The estimate of the atmospheric particulate flux only represents 2.6% of the river fluxes (Table 1). The relative contribution of atmospheric fluxes to riverine metal fluxes varies from 2.6% (Al, Cd, Co) to 10.7% (Cu). This high value for Cu can be explained in the Cap Béar region (the dataset at this station was used as a reference to characterize at the best the atmospheric deposition all over the Gulf of Lions) by the widespread use of Cu as an antifungal agent in vineyards to counteract the effects of downy mildew.

Our atmospheric deposition data were in the same order of magnitude as those reported by [54] in the Gulf of Lions (Table 1). For all element fluxes, there was a large spatial and temporal variability across the NW Mediterranean Sea expressing both heterogeneous sources for trace metals and interannual atmospheric conditions (wet or dry year, wind conditions, particle load). Apparently, cascading is able to export about up to 5-fold the metallic atmospheric deposition (Al and Co), except for Cd for which, as explained earlier, the calculations are less conclusive.
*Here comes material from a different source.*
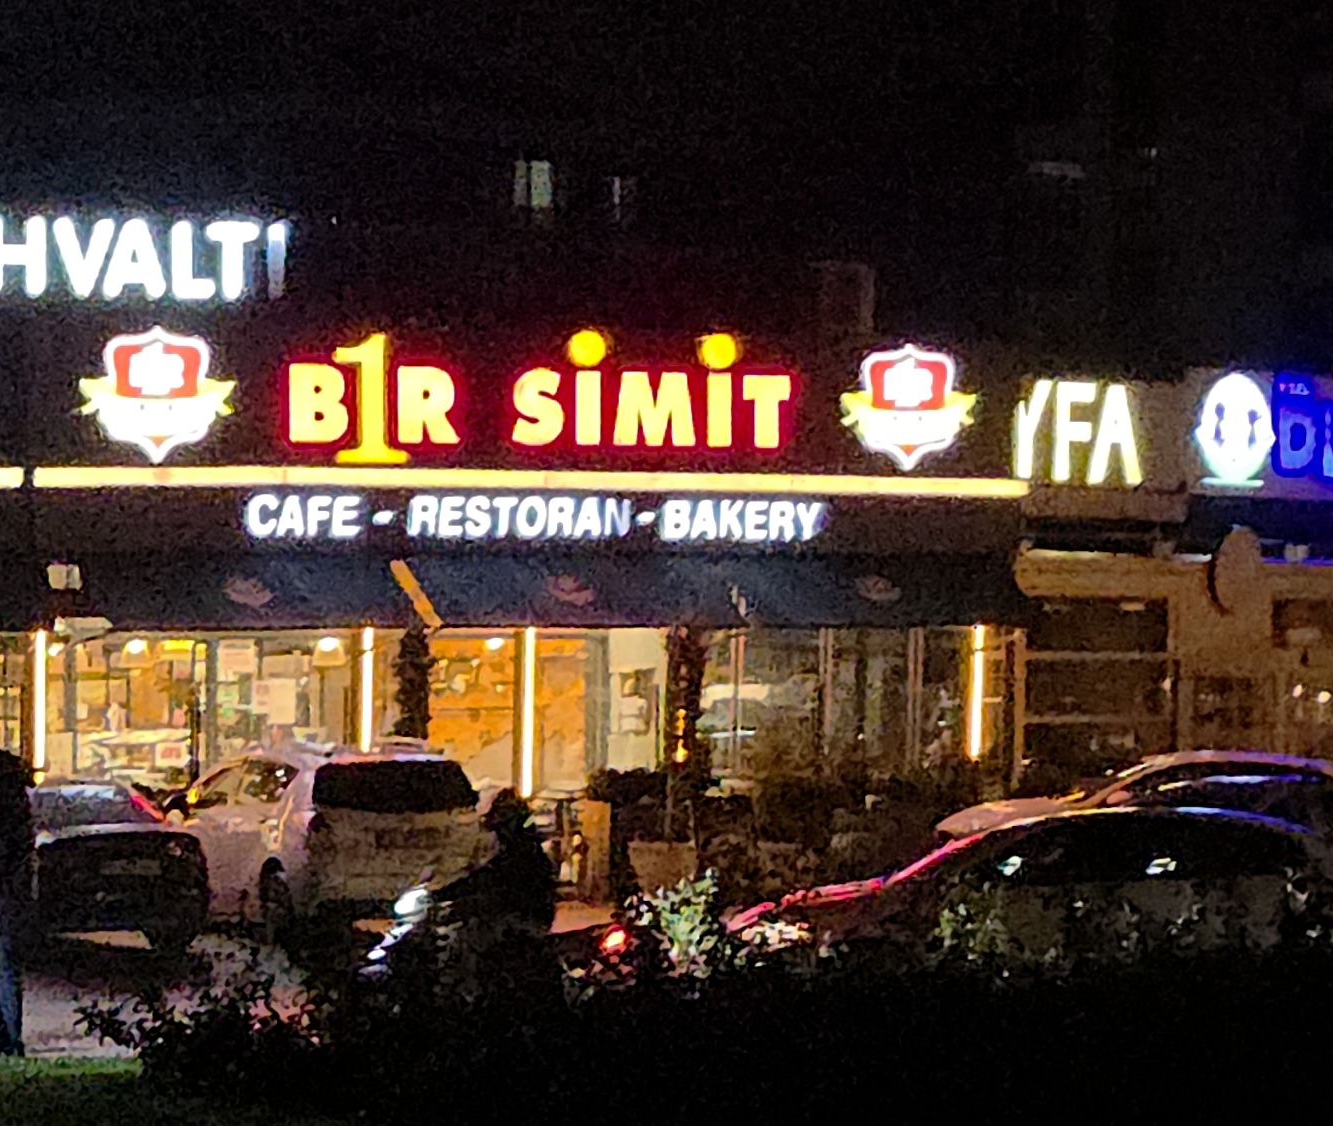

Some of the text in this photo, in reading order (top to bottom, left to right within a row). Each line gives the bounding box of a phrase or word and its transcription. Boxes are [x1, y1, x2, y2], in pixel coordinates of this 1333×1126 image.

It has been shown that for particulate riverine Cd, Cd in atmospheric aerosols is highly soluble in the range of 81–84% [55], explaining the low particulate cascading/atmospheric ratio.
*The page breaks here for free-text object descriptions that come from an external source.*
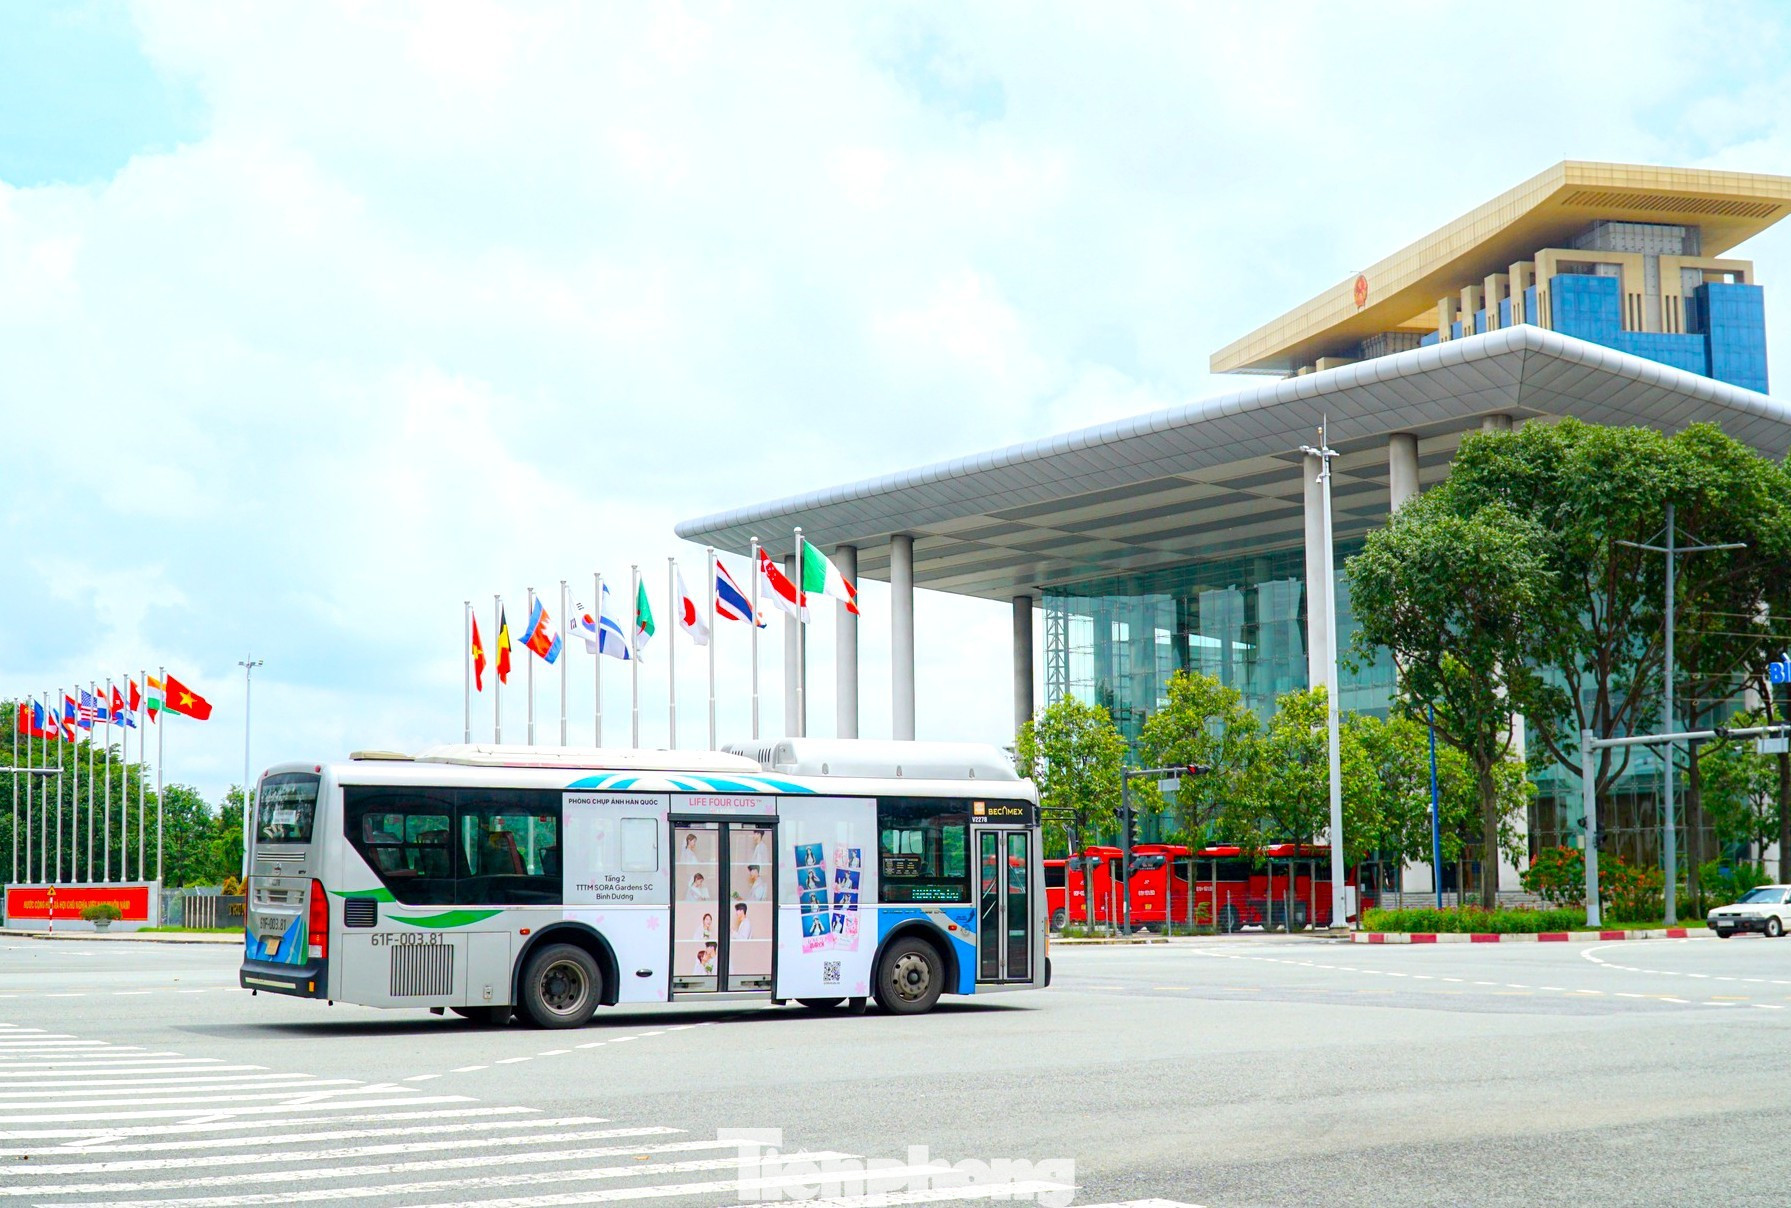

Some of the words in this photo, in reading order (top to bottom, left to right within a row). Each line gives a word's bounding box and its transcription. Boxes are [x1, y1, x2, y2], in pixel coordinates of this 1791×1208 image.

[689, 797, 707, 807] LIFE
[708, 798, 732, 807] FOUR
[614, 883, 643, 891] Gardens
[643, 883, 654, 891] SC
[371, 932, 443, 946] 61F-003.81
Finally, the transport of particulate matter and PTMs from the shelf to the basin, essentially associated with the cascading event, represents between 8 and 15% of the total input (rivers and atmosphere). Thus, deep cascading events are likely to carry a notable proportion of the annual input of material and associated material to the deep basin.

The variability of metal concentrations in particulate fluxes in the basin reflects a mixture of sources, with higher concentrations likely to be associated with atmospheric inputs, and lower concentrations generally associated with sediment. Through remobilization of the shelf, slope, and basin sediment during extreme dense water formation events (albeit sporadic on a multi-decadal scale), it is therefore possible for locally derived continental particulate matter such as from the rivers of the Gulf of Lions to diffuse rapidly (on an annual scale) throughout the western Mediterranean Basin. These lateral inputs combine with inputs from atmospheric deposition that affect the entire surface of the western basin.

5. Conclusions

This study investigated the temporal variability of mass fluxes (rivers, atmosphere, slope, basin) during an 8-year period (2010–2017) in the Gulf of Lions (northwestern Mediterranean) collected under the MOOSE observatory. It clearly showed that intermittent events of dense shelf water cascading allowed for rapid and direct export from the shelf to the basin. If, simultaneously with this export, a deep convection event occurs, the particulate material is remobilized and dispersed over the entire western basin and contributes to deposition in the basin via lateral inputs that add to the sedimentation of atmospheric particulate material. This illustrates the combined effect of sediment transport processes associated with dense water formation processes that can cause the large-scale dispersion of local coastal inputs.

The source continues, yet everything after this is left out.